Palestinian Muslims celebrated the end of Ramadan this week, despite ongoing violence and an increased Israeli military presence in the occupied West Bank and East Jerusalem.

After a deadly attack in Tel Aviv at the start of the holy month, Israeli authorities initially froze more than 80,000 permits for Palestinians to travel outside the West Bank, although some were later allowed to cross into Jerusalem to visit holy sites and family. 

While heightened tensions kept many at home, the Old City was still flooded with Muslim pilgrims and Palestinian worshippers as thousands gathered at Damascus Gate, the main entry point to reach the revered al-Aqsa Mosque compound.

INTERACTIVE: Inside al-Aqsa - A 360-degree tour

As youths, packed shoulder-to-shoulder, cheered and set off fireworks from the steps of the iconic gate, Israeli forces stormed the area several times on a recent night.

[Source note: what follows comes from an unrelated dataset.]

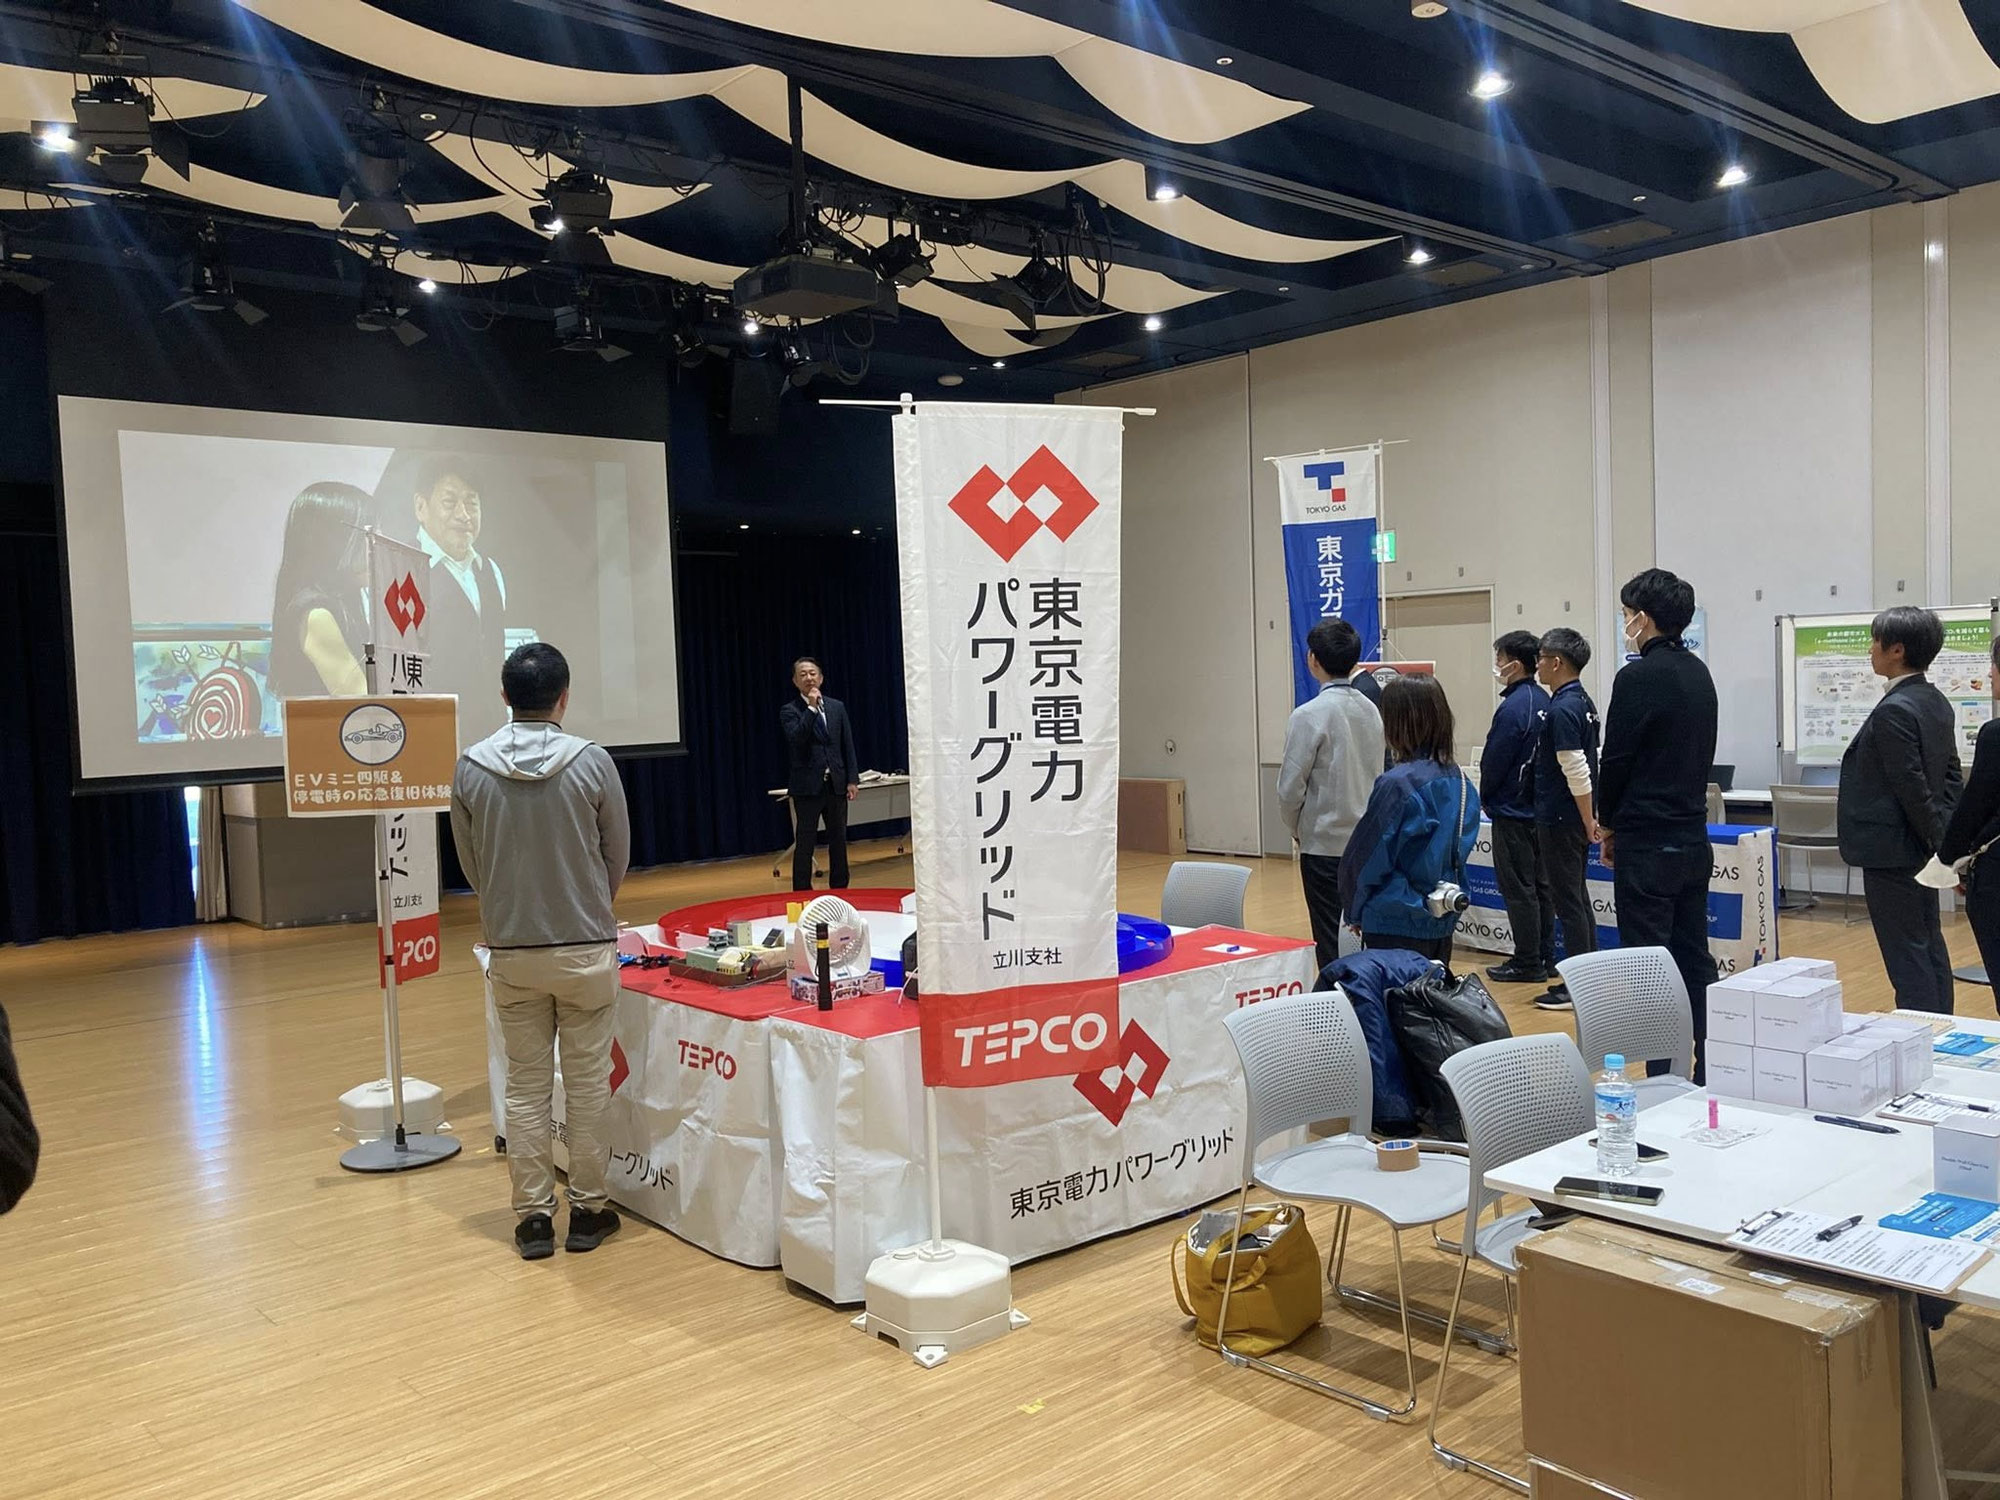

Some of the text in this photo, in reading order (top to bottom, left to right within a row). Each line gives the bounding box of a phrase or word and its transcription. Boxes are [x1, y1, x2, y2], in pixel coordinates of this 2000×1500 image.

"If the army didn't come here, there wouldn't be so many problems," an elderly Palestinian man told Al Jazeera after watching Israeli police detain a youth.

Israel's Coordinator of Government Activities in the Territories told Al Jazeera that nearly 300,000 people crossed through military checkpoints across the West Bank during the four Fridays of this year's Ramadan. The Old City remained busy throughout, until Eid al-Fitr brought Ramadan to an end on Wednesday.